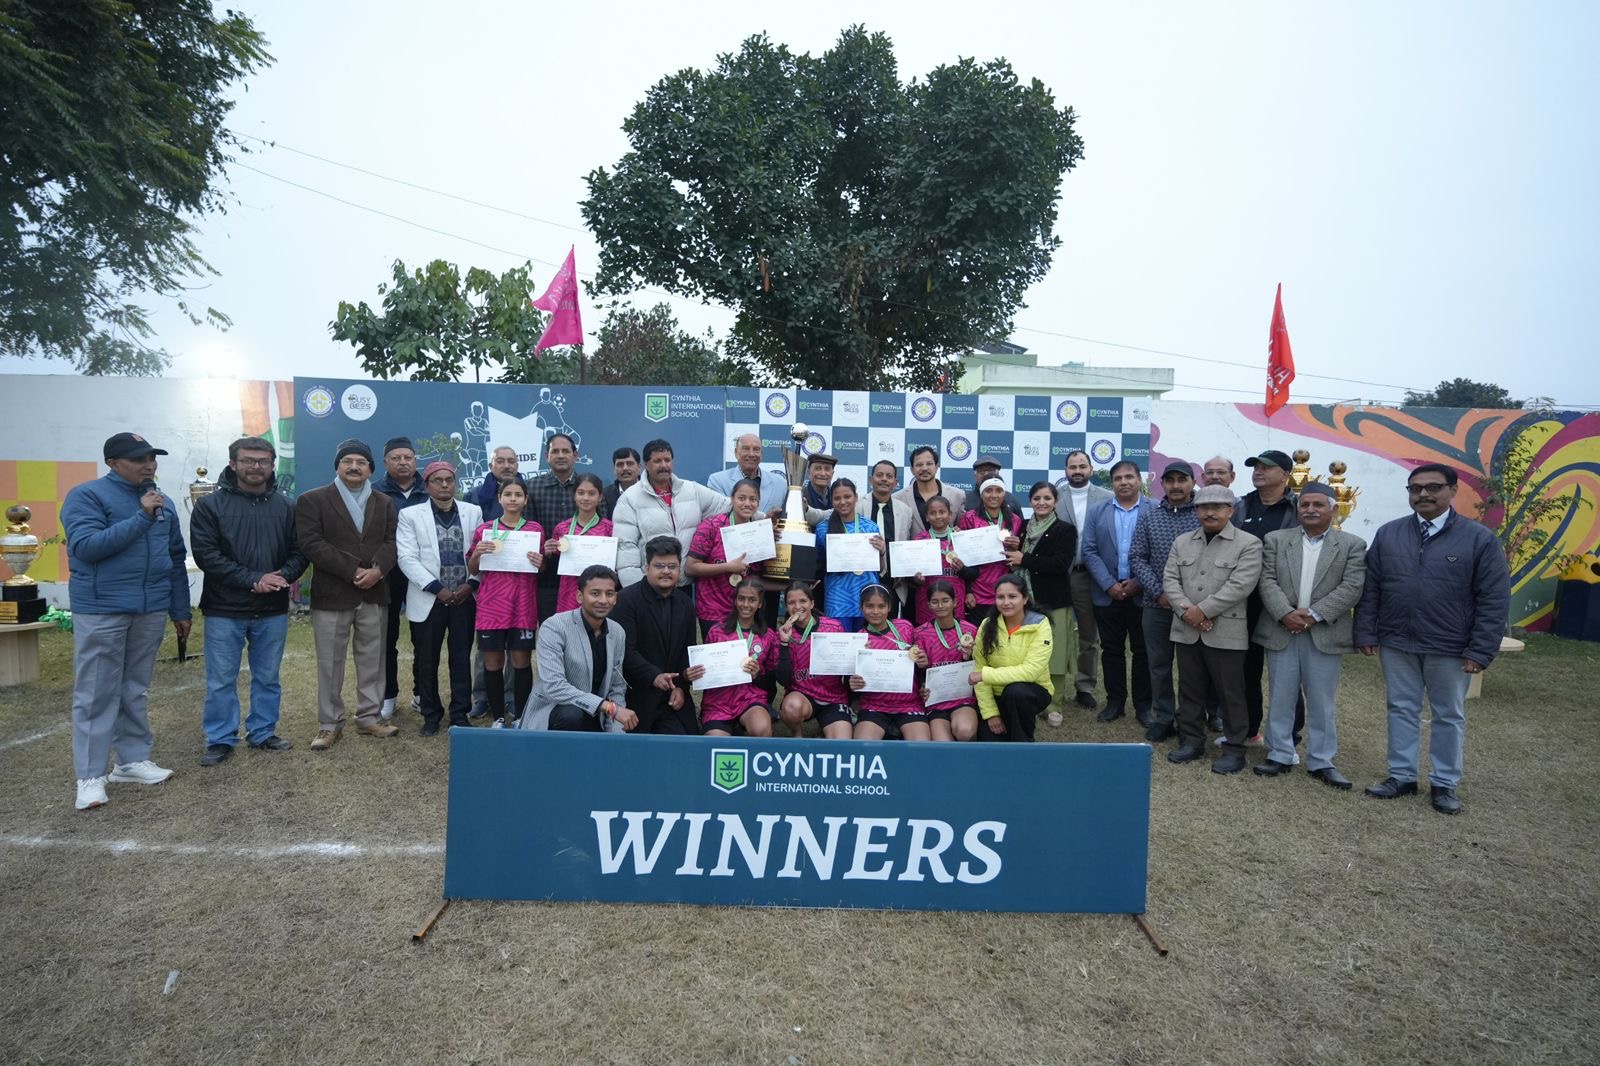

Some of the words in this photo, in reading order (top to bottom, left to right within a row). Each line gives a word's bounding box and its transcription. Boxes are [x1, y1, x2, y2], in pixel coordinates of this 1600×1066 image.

[516, 453, 537, 462] IDE
[752, 752, 888, 780] CYNTHIA
[756, 782, 842, 794] INTERNATIONAL
[844, 784, 890, 795] SCHOOL
[590, 810, 1007, 884] WINNERS
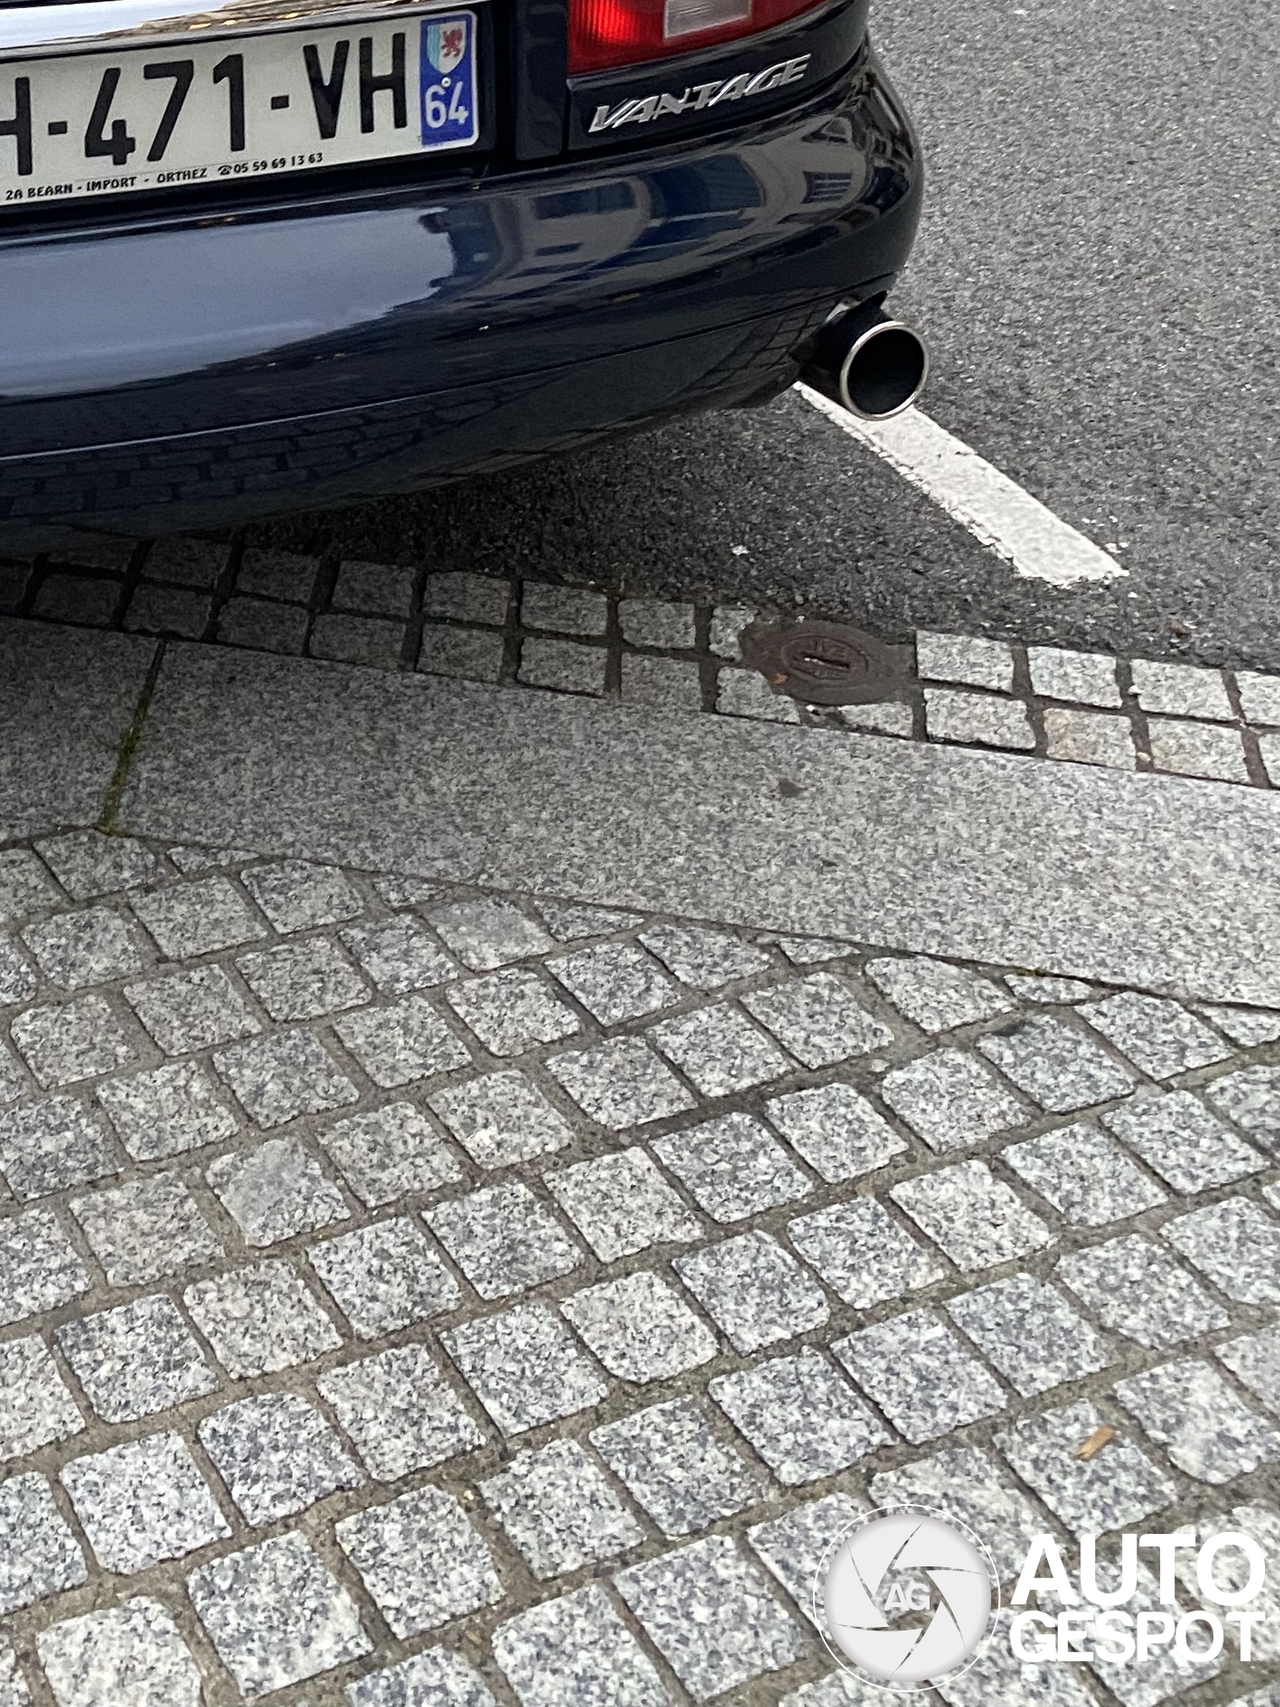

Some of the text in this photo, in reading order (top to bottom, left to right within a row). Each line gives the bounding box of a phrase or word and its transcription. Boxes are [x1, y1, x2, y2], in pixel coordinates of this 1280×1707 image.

[425, 81, 469, 128] 64
[588, 53, 812, 133] VANTAGE
[5, 189, 23, 201] 2A
[27, 183, 74, 197] BEARN
[86, 176, 137, 192] IMPORT
[156, 168, 208, 184] ORTHEZ
[252, 159, 268, 172] 59
[271, 157, 287, 169] 69
[290, 154, 305, 167] 13
[308, 152, 324, 164] 63

What is required: Search the data for "Some of the text". Beginning with that line, set down every line through the last exactly.

Finished task:
Some of the text in this photo, in reading order (top to bottom, left to right within a row). Each line gives the bounding box of a phrase or word and its transcription. Boxes are [x1, y1, x2, y2], in pixel coordinates of this 1280×1707 image.

[425, 81, 469, 128] 64
[588, 53, 812, 133] VANTAGE
[5, 189, 23, 201] 2A
[27, 183, 74, 197] BEARN
[86, 176, 137, 192] IMPORT
[156, 168, 208, 184] ORTHEZ
[252, 159, 268, 172] 59
[271, 157, 287, 169] 69
[290, 154, 305, 167] 13
[308, 152, 324, 164] 63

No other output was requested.